The Five College Consortium
About the Consortium
The Five College consortium recently celebrated its 50th anniversary of collaboration, one of the country’s most successful academic consortia. Through Mount Holyoke’s participation in the consortium, Mount Holyoke students can take advantage of opportunities at three other outstanding colleges (Amherst, Smith, and Hampshire) and a major research university (the University of Massachusetts at Amherst).
The Five College Interchange
Students in good academic standing may take eligible courses for credit at any of the other four institutions during the fall and spring semesters at no additional tuition cost, through the Five College Interchange. Normally, students may start taking courses at the other campuses after the first semester of their first year. Courses need to be beneficial to an overall academic plan and must be approved by an advisor. Explore the courses offered through the other campuses. To enroll in a course at one of the other campuses, students complete registration procedures through the Mount Holyoke College registrar. Some courses, such as some music lessons and/or labs, may charge all students -- including Five College enrollees -- additional course fees. Additional fees should be noted in the schedule of classes. More information about policies governing Five College Interchange enrollments is included in the Academic Regulations chapter.
Typically, regular bus service that is fare-free during the academic year links the five campuses. Students enrolled in the Mount Holyoke meal plan and taking a course through the Interchange can also apply to have a meal at the other campus before or after their class meeting if the class meeting time interferes with their ability to eat breakfast, lunch, or dinner at Mount Holyoke.
Other Five College Opportunities
- Mount Holyoke students may borrow books from all of the libraries of the five campuses. A user-friendly, online catalog, discovery, and interlibrary loan system enables book requests from just about any computer.
- Distinguished guest artists, filmmakers, and scholars regularly visit the Five Colleges to lecture and meet with students, give performances, or read from their work.
- Dance and astronomy—the two Five College departments—both rank among the largest and most distinguished undergraduate programs in their respective fields nationally. (See the dance and astronomy chapters for more information.)
- The music departments jointly host in alternate years an outstanding composer and musicologist-in-residence for a week. In alternate years, a Five College choral festival brings together all the choral groups for a roof-raising concert. A Five College opera is produced every third year.
- The theater departments hold open auditions for all productions and sponsor a Five College Multicultural Theater program.

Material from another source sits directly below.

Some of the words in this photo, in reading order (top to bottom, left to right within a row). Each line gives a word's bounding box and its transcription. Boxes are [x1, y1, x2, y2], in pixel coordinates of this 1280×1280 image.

- Undergraduates interested in geology or coastal and marine sciences can gain research experience through Five College field trips to areas in the Bahamas, Death Valley, California, and coastal regions of the Northeast United States.

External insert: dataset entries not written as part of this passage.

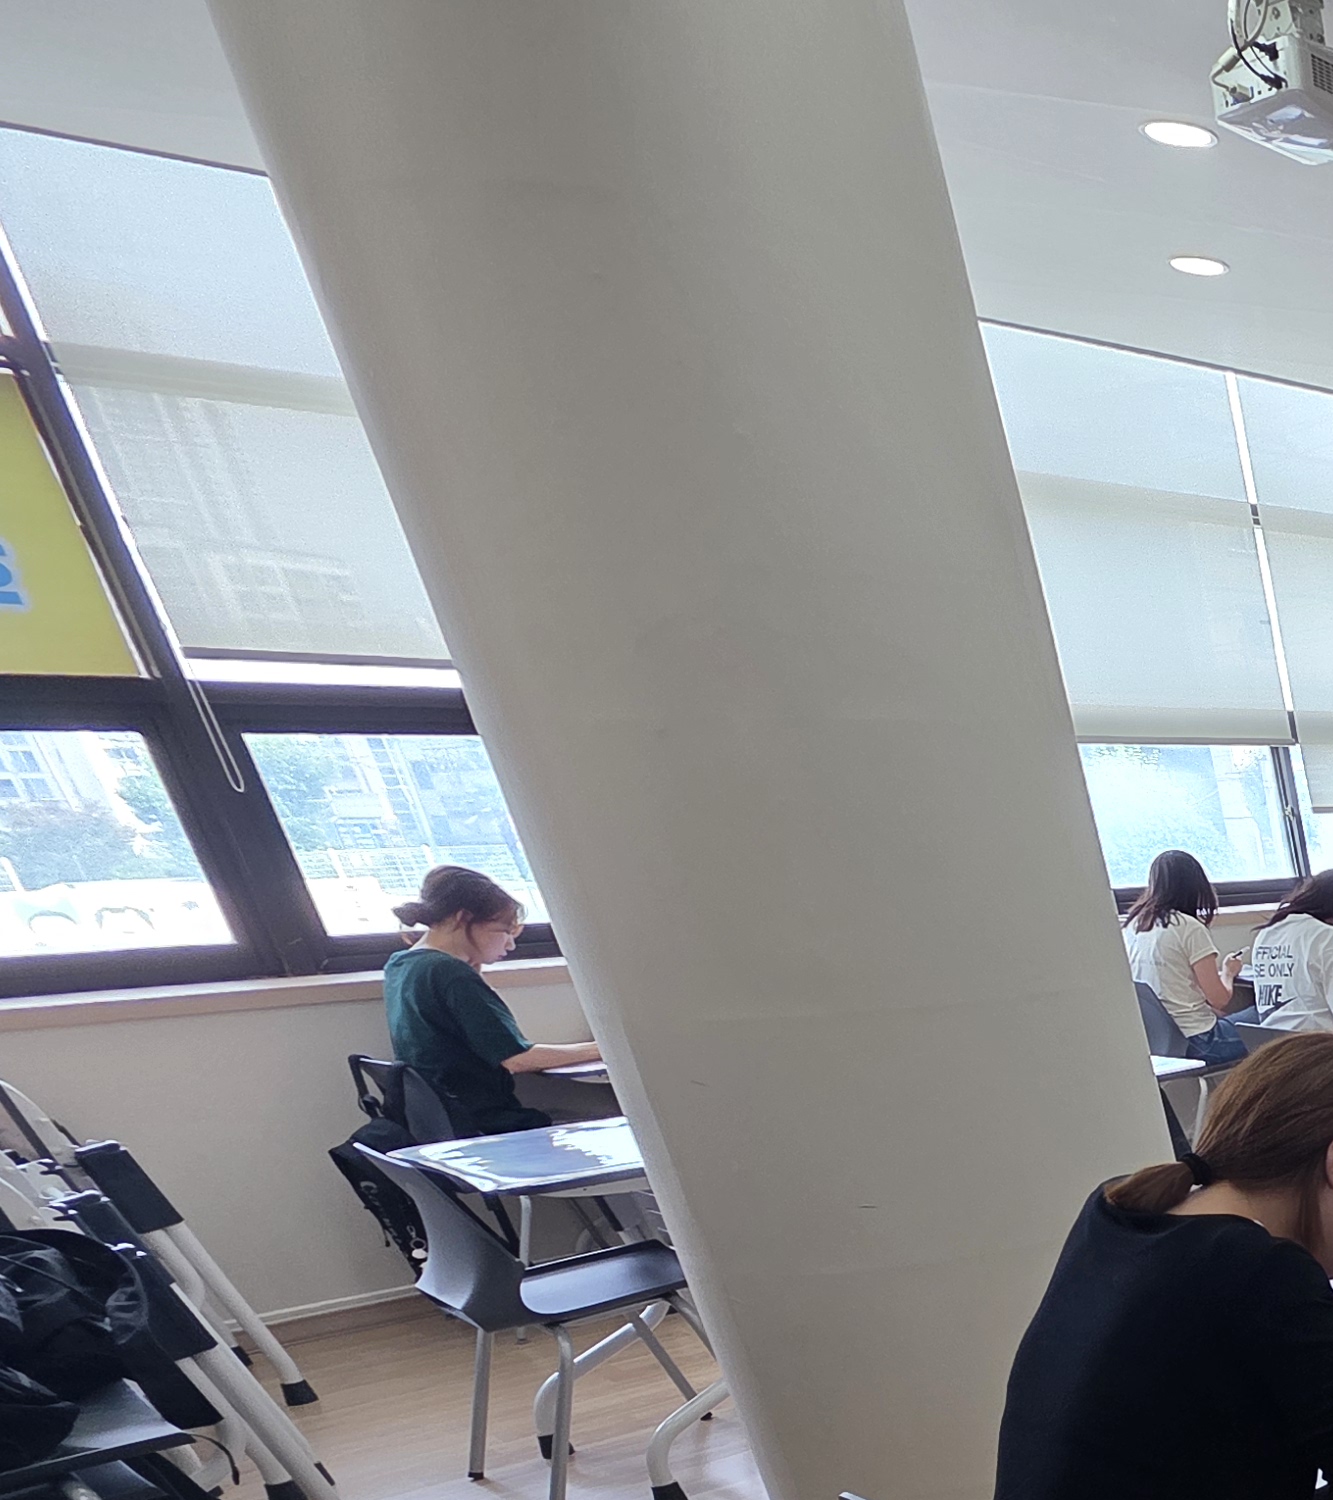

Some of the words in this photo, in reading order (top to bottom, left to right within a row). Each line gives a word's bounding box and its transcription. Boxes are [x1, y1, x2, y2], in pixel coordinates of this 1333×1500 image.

[1255, 945, 1293, 960] FFICIAL
[1254, 963, 1265, 977] SE
[1268, 962, 1295, 978] ONLY
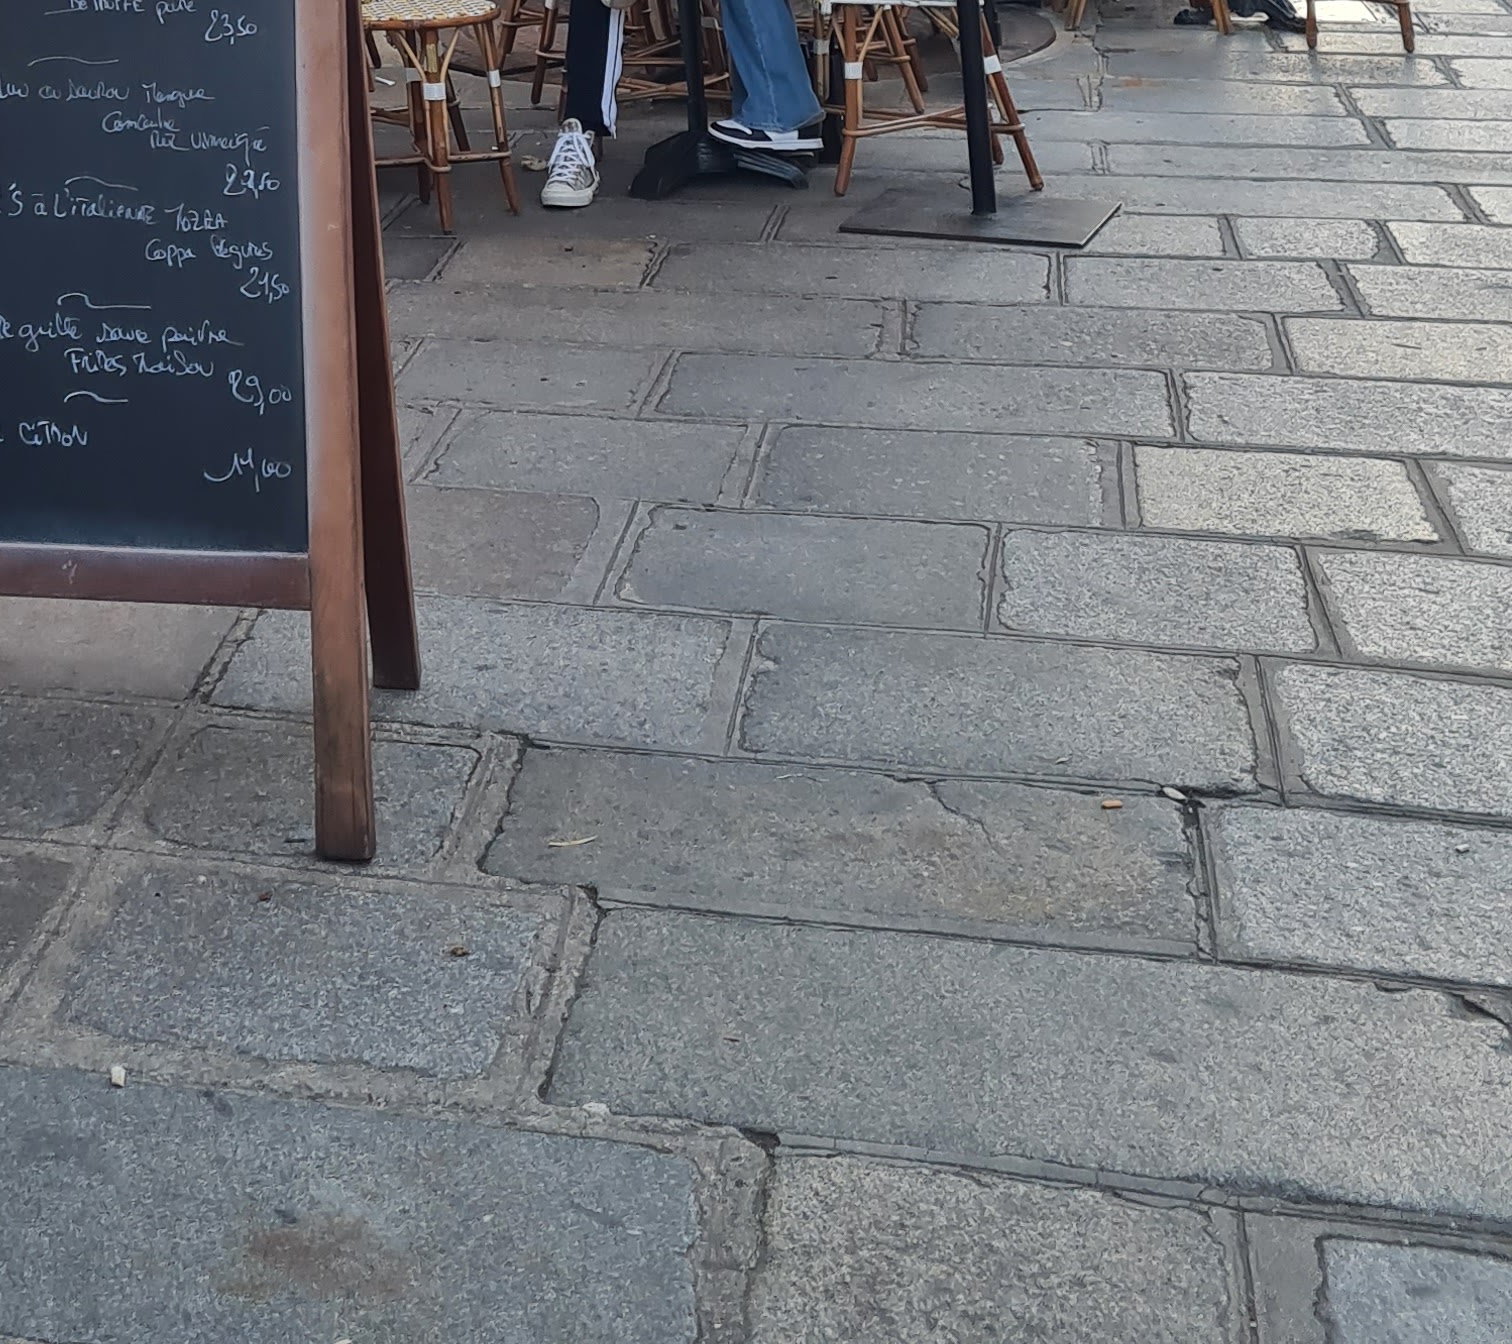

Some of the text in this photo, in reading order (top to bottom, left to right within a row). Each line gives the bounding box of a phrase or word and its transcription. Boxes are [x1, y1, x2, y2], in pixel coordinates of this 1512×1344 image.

[204, 9, 258, 46] 23,50
[239, 266, 290, 304] 21,50
[228, 368, 293, 416] 29,00

- The Five College Architectural Studies program takes a cross-disciplinary approach to its subject area and encourages students to explore a broad cross-section of courses—both in and beyond the architecture discipline of architecture across the Five Colleges. The program introduces students to a diverse collection of faculty members, methodologies and design approaches
- Five College programs include the Five College Early Music Program (hosted at Mount Holyoke) and the Five College Women’s Studies Research Center (also hosted at Mount Holyoke), which brings together faculty members from many disciplines, as well as professionals from local communities who are working on issues of women’s health and welfare.

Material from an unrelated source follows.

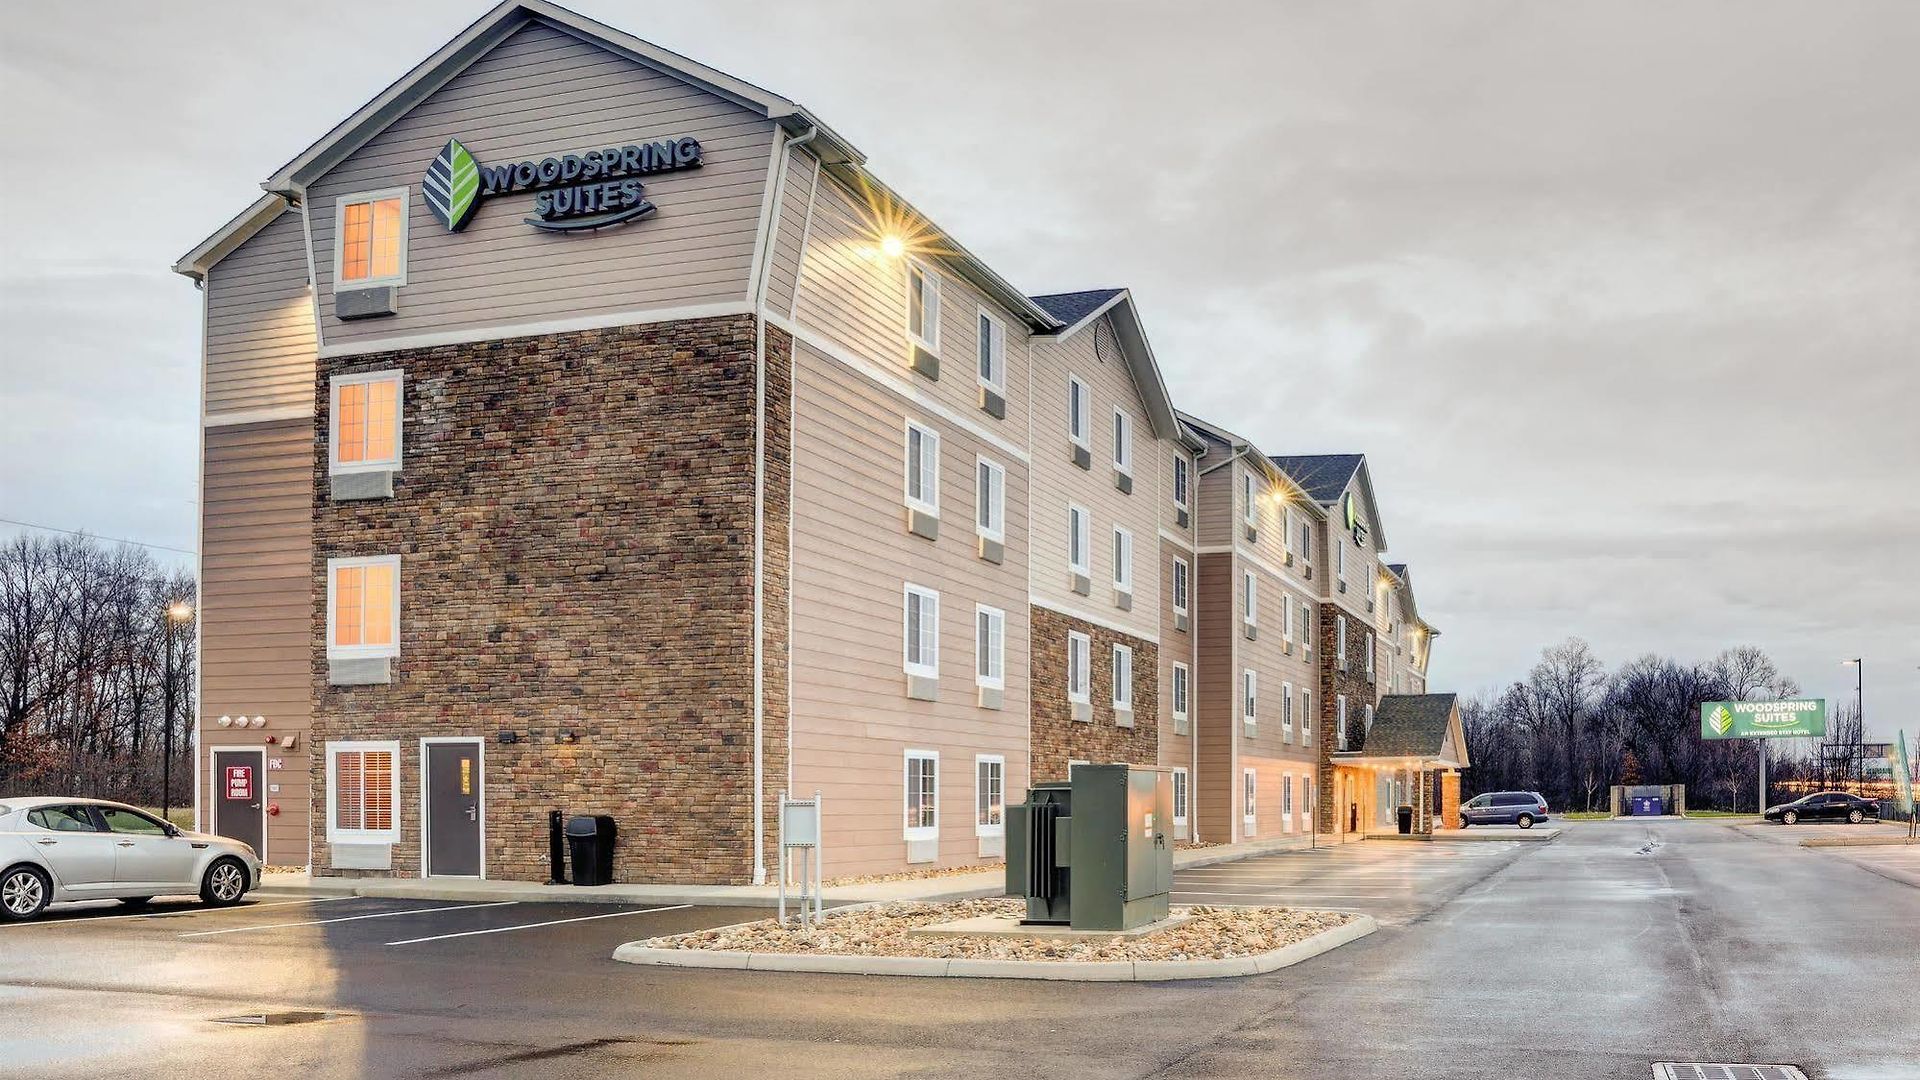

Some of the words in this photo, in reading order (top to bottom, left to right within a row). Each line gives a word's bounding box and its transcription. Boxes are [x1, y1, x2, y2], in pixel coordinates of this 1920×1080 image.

Five College Certificate Programs
A rich array of interdisciplinary certificate programs allows students to draw on the combined faculty, resources, and courses at the five campuses. Each Five College Certificate open to Mount Holyoke students is listed among the academic offerings in this catalog. They include:
- African Studies
- Asian/Pacific/American Studies
- Bio-mathematical Sciences
- Buddhist Studies
- Coastal and Marine Sciences
- Cognitive Neuroscience
- Culture, Health, and Science
- International Relations
- Latin American, Caribbean, and Latino Studies
- Middle Eastern Studies
- Native American and Indigenous Studies
- Queer, Trans and Sexuality Studies
- Reproductive Health, Rights, and Justice
- Russian, East European, and Eurasian Studies
- Sustainability Studies
Each Mount Holyoke student may complete one Five College certificate in addition to the major elected and any second major or minor and/or a Nexus elected. For information about whether courses can be applied both to a Five College certificate and another Mount Holyoke degree requirement, please consult the double-counting information in the Academic Regulations chapter of this catalog.
Languages through the Five College Center for the Study of World Languages
The Five College Center for the Study of World Languages offers courses in less-commonly-taught languages not available through regular Five College classroom courses. The Center also offers courses in Spoken Arabic dialects for students who have learned Modern Standard Arabic in the classroom. The Center encourages students to embark on language study during their first year of college so that they can achieve the fluency needed to use the language for work in their major field.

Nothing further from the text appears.